Mahesh, A. N.; Lai XIN-Yi, J.; Tng Jia Lin, M.; Lin, W.; Wan, J. C.; Yoon, J.; Chen, K.; Bhatt, S.

Acute myeloid leukemia (AML) remains the deadliest adult leukemia with dismal clinical outcomes. Since 2020, a combination of BCL-2 inhibitor (venetoclax, VEN) with hypomethylating agent (azacytidine/decitabine, AZA/DAC) has become a new standard of care in elderly or unfit AML patients. However, the underlying mechanism of synergy between azacytidine and venetoclax combination is not well understood.

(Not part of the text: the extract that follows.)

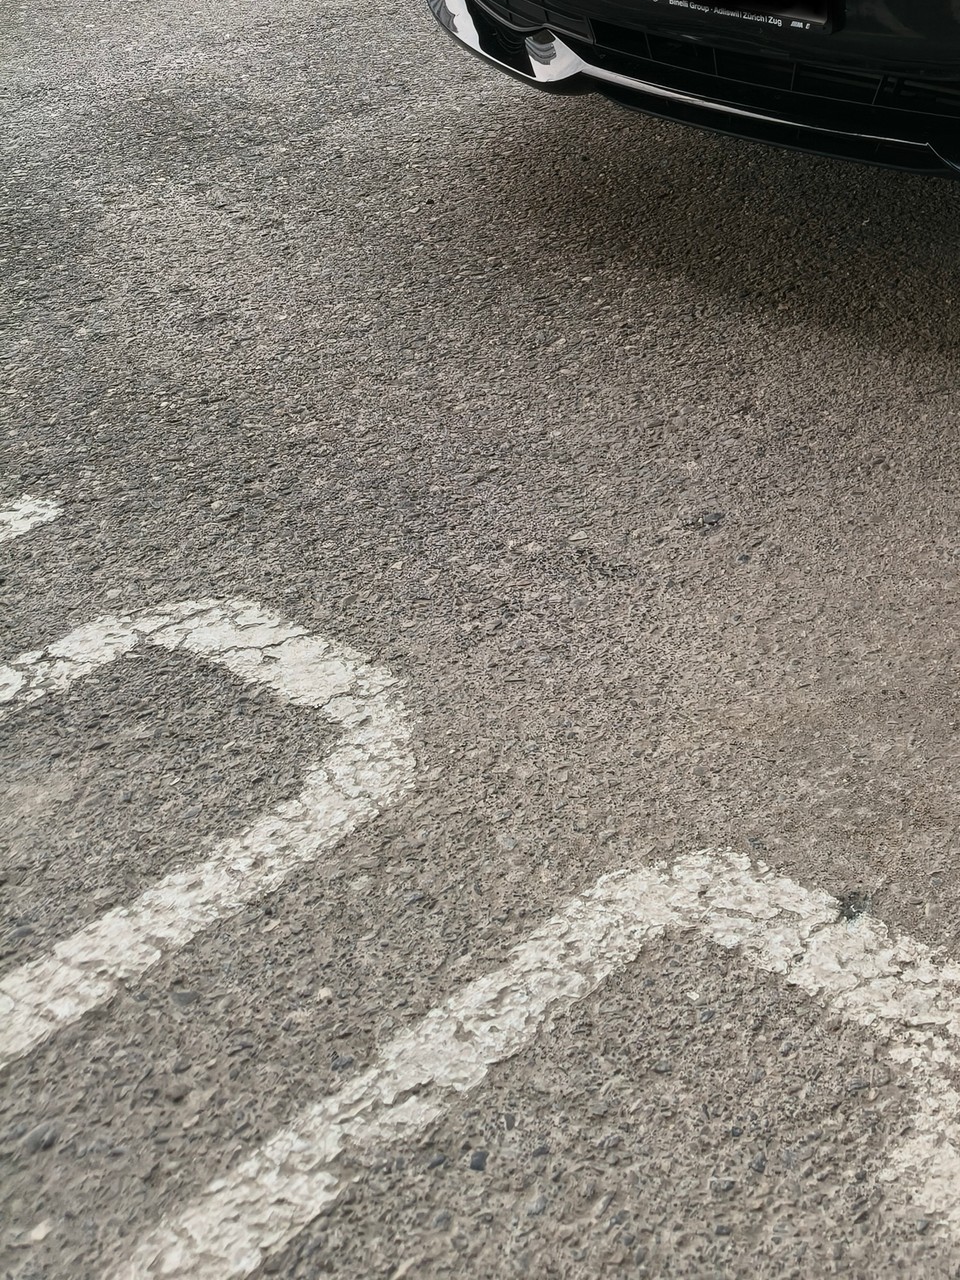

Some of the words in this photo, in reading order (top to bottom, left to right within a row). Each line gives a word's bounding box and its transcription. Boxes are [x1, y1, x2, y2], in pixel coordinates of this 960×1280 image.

While apoptosis is regarded as the primary mode of cytotoxicity by azacytidine+venetoclax, we provide evidence for the involvement of pyroptosis in azacytidine+venetoclax-mediated cytotoxicity of AML cells. We show that long-term treatment with azacytidine caused hypomethylation and significant upregulation in DFNA5/GSDME, pore-forming protein that is otherwise silent in myeloid leukemia. We found that Azacytidine mediates N-terminal pore-forming DFNA5 cleavage, membrane rupture, and subsequent pyroptosis in DFNA5 overexpressing cells. Deletion of DFNA5 led to a significant reduction in total cell viability, where DFNA5 KO cells exclusively underwent apoptosis while DFNA5 OE cells showed increased propidium iodide uptake, a marker for membrane rupture. Overall, our study establishes DFNA5 as an important mediator of azacytidine+venetoclax-induced cell death in AML cells via both apoptotic and non-apoptotic mechanisms.